Work to be completed
Please give the entries below again exactly, omitting every picture.
=== Section Start ===
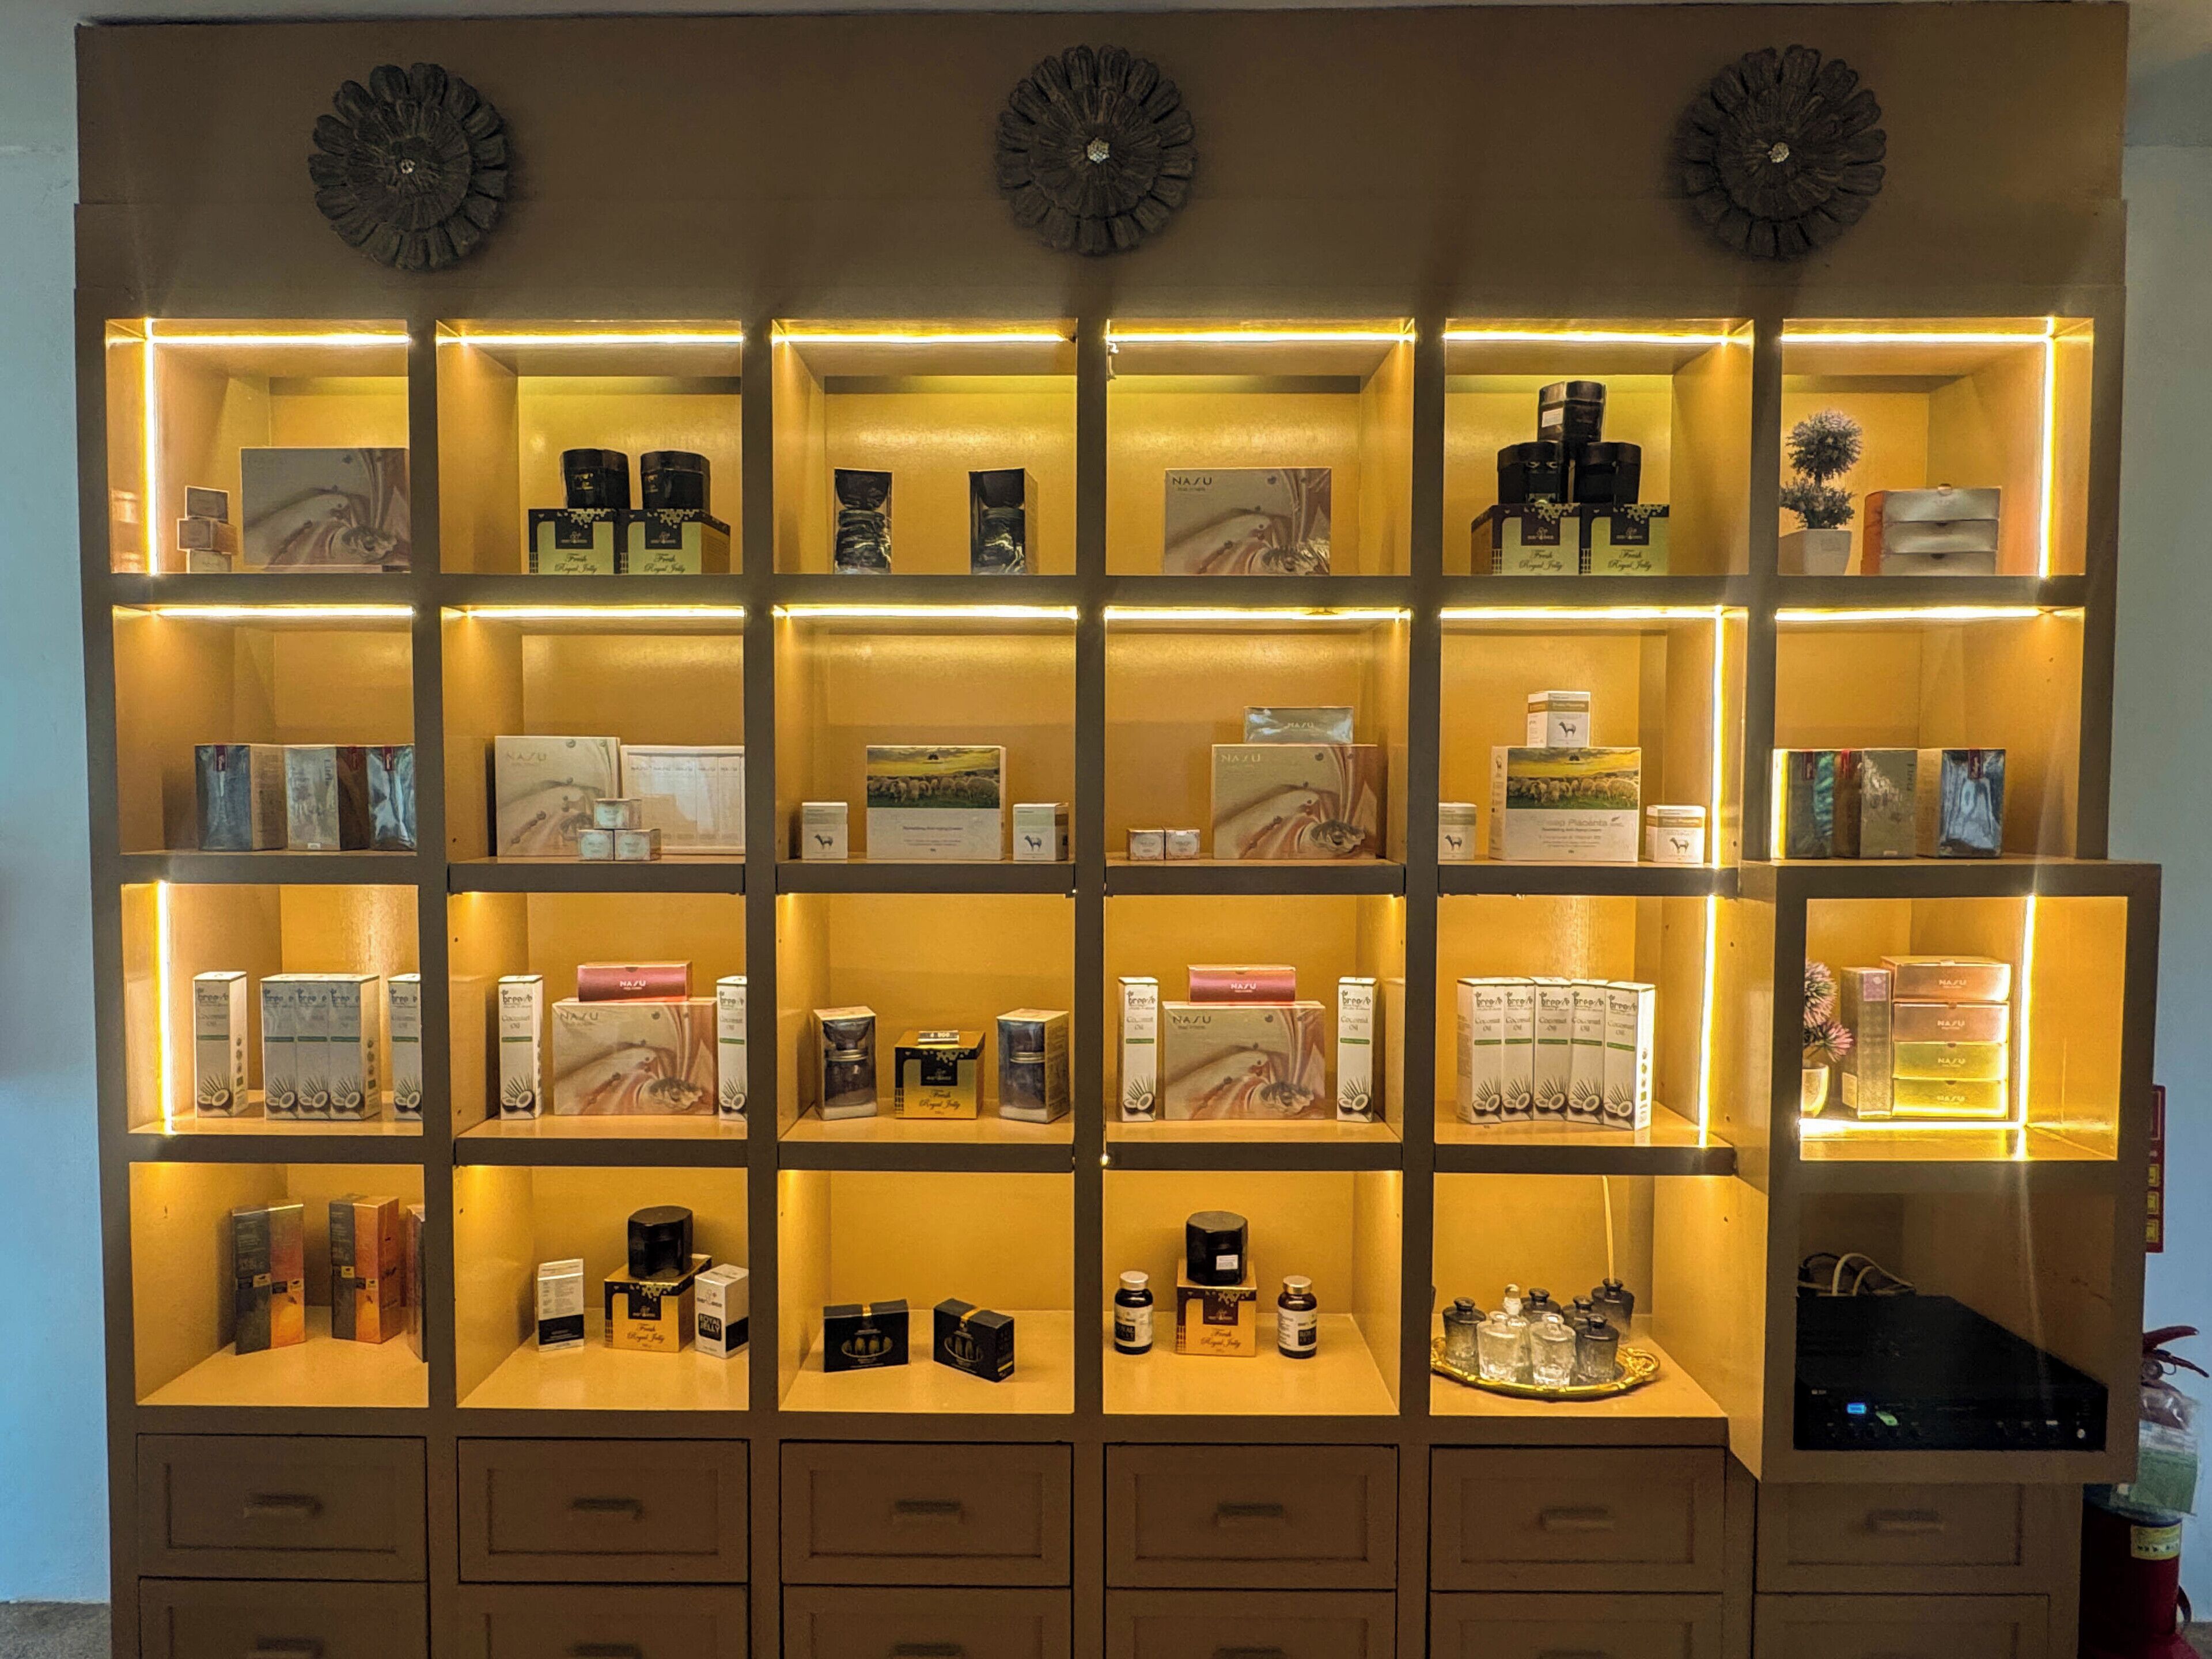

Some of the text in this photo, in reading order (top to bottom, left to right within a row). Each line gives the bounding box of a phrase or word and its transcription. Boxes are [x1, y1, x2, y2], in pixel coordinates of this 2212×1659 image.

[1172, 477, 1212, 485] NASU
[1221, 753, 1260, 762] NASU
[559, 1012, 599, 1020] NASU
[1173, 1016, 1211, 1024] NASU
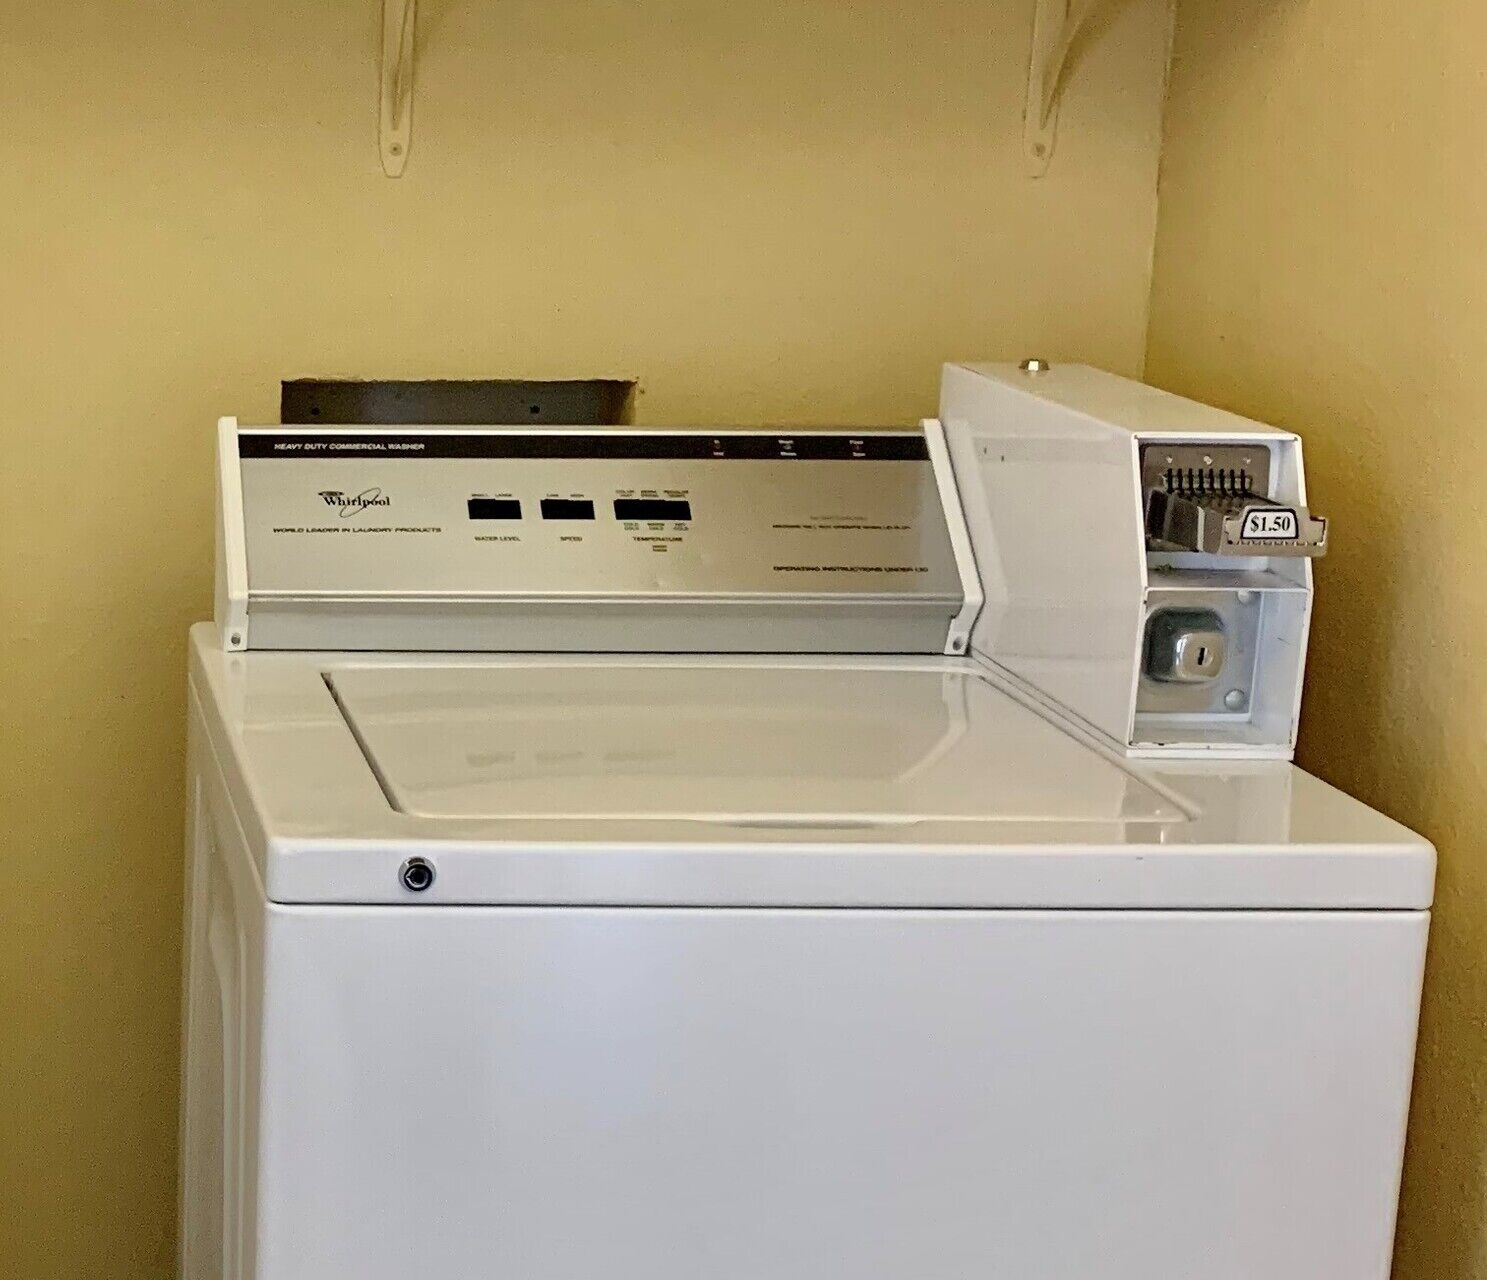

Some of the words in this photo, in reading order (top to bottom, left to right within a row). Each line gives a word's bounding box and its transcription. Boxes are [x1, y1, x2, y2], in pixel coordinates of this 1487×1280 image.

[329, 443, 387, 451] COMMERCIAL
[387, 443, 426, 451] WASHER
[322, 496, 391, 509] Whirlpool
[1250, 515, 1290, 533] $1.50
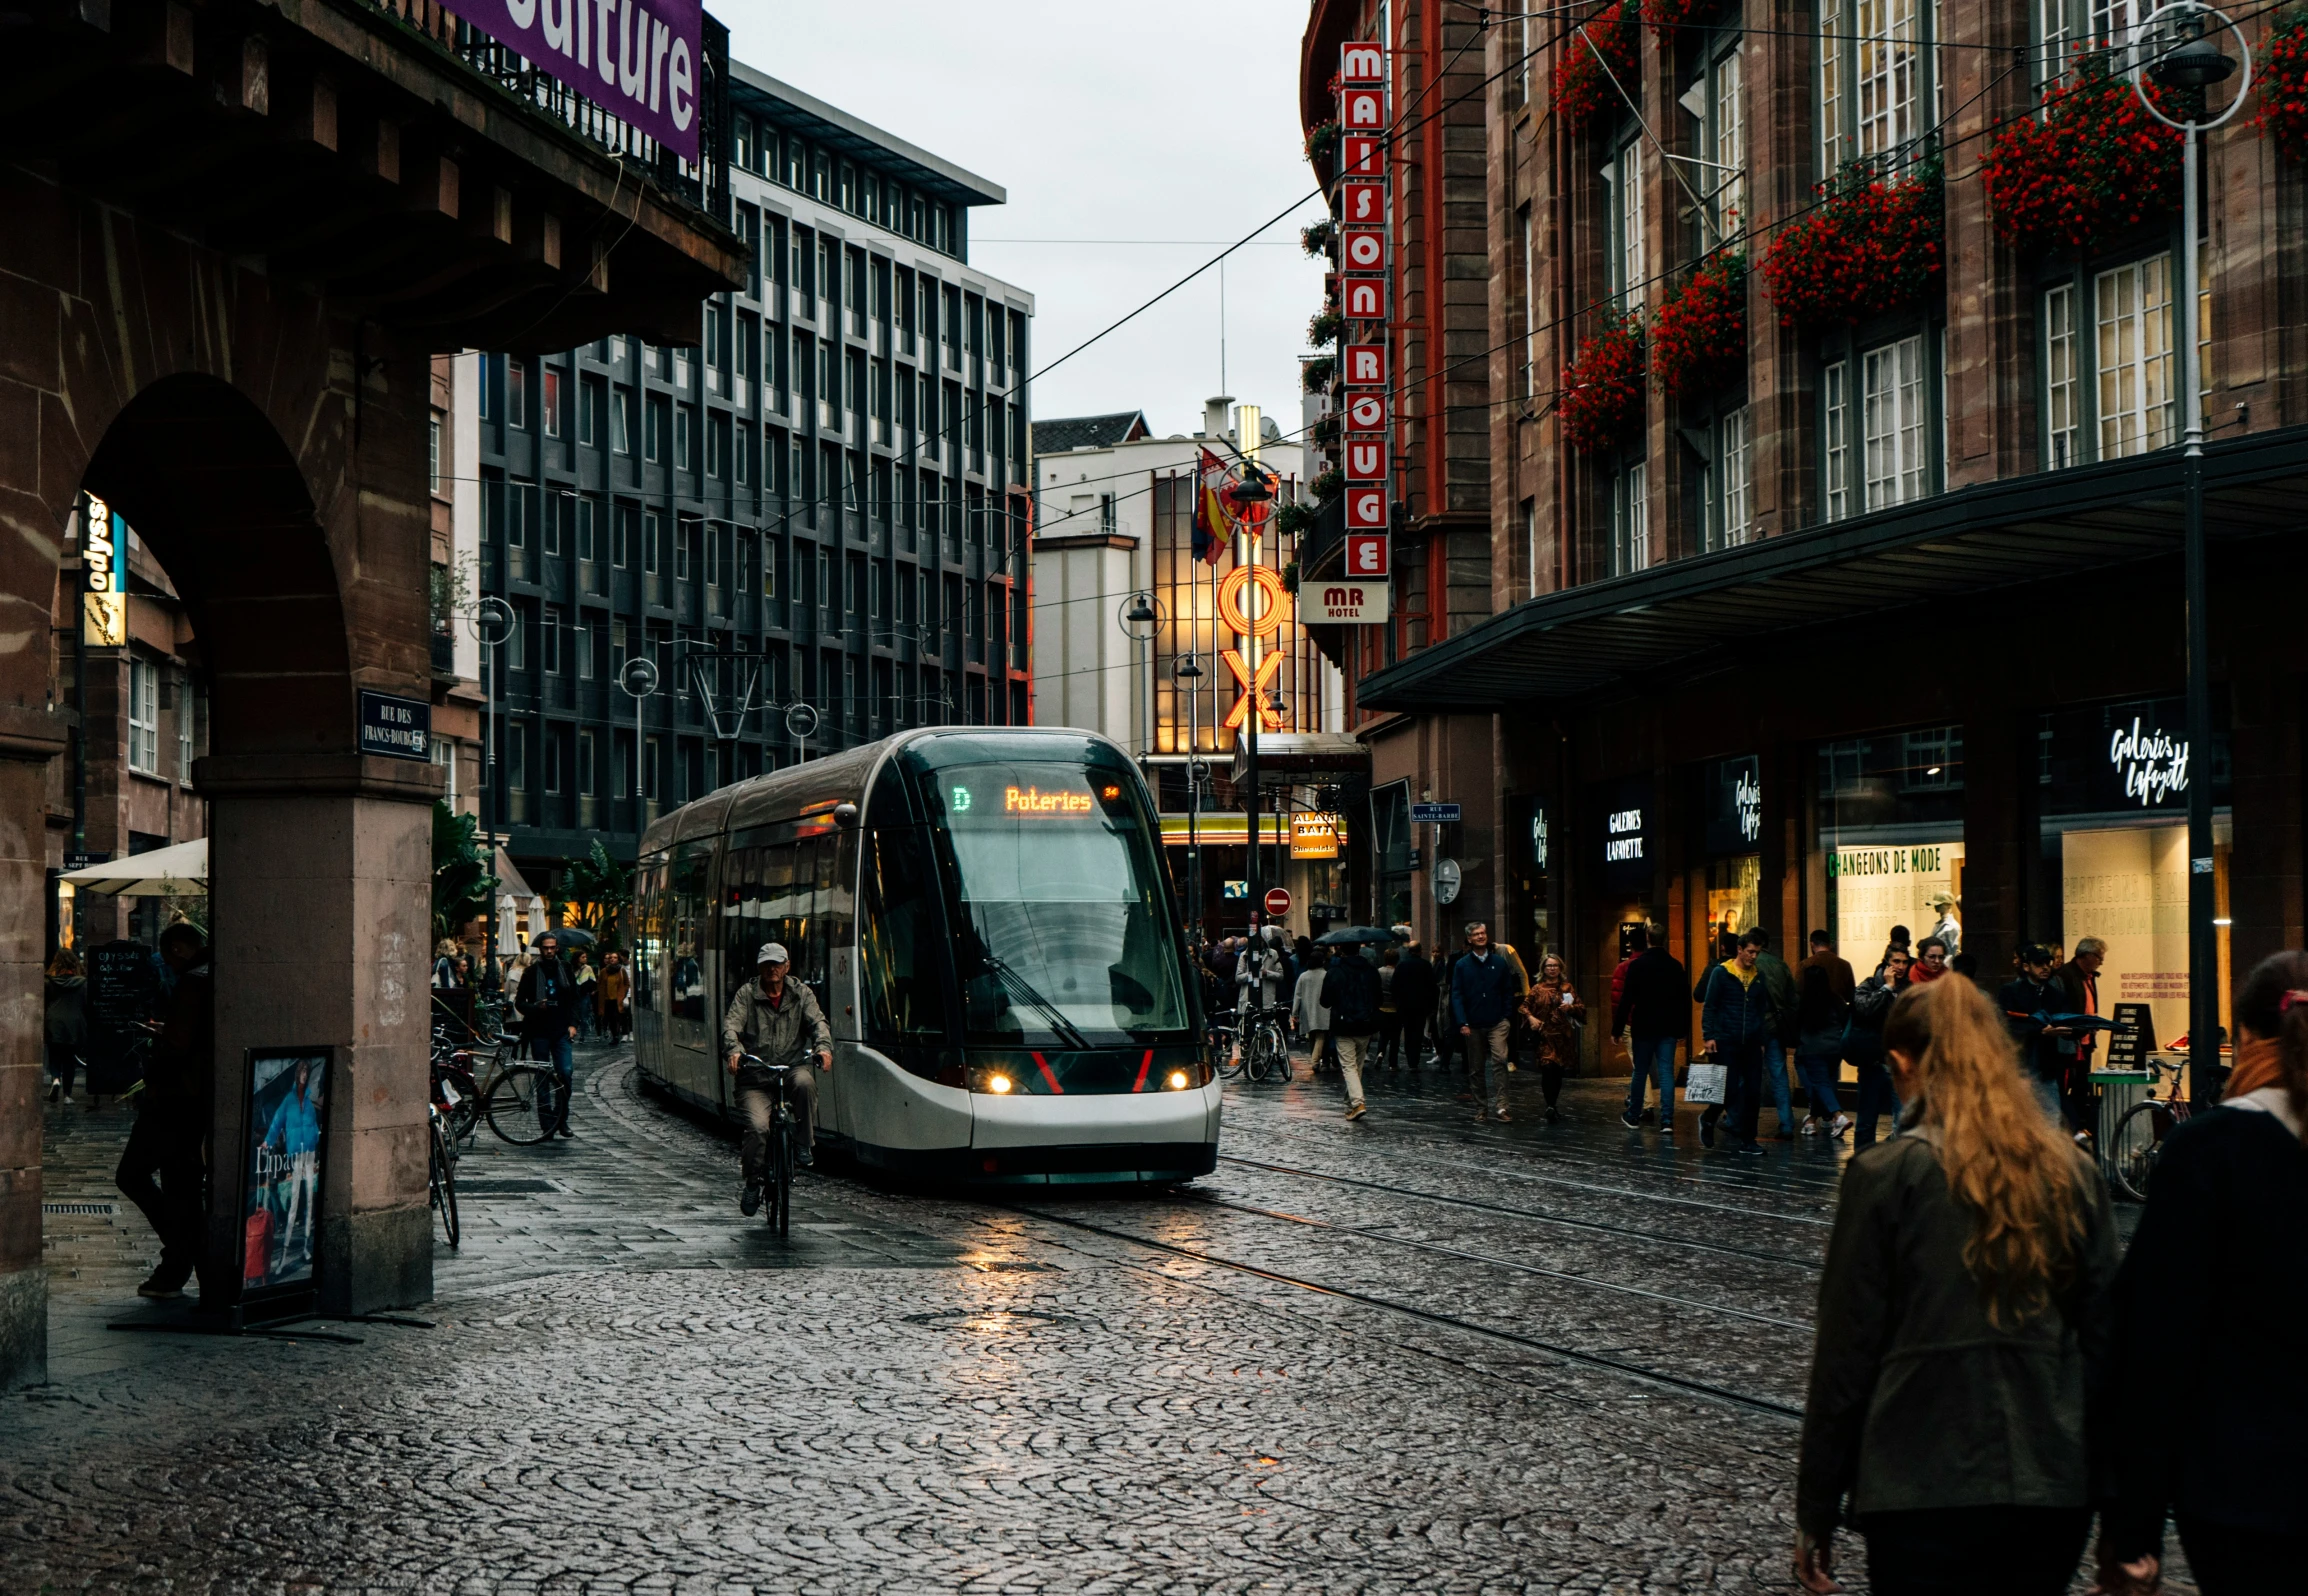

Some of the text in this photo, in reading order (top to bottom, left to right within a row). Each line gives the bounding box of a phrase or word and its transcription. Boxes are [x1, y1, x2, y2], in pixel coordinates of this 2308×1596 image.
=== Section End ===
Written reply
Some of the text in this photo, in reading order (top to bottom, left to right within a row). Each line gives the bounding box of a phrase or word and its transcription. Boxes are [x1, y1, x2, y2], in pixel coordinates of this 2212×1659 image.

[1172, 477, 1212, 485] NASU
[1221, 753, 1260, 762] NASU
[559, 1012, 599, 1020] NASU
[1173, 1016, 1211, 1024] NASU

Some of the words in this photo, in reading order (top to bottom, left to right within a row). Each line gives a word's bounding box and its transcription. Boxes are [x1, y1, x2, y2], in pixel coordinates of this 1487×1280 image.

[329, 443, 387, 451] COMMERCIAL
[387, 443, 426, 451] WASHER
[322, 496, 391, 509] Whirlpool
[1250, 515, 1290, 533] $1.50

Some of the text in this photo, in reading order (top to bottom, left to right within a row). Each line gives the bounding box of a phrase or word and its transcription. Boxes are [x1, y1, x2, y2], in pixel coordinates of this 2308×1596 image.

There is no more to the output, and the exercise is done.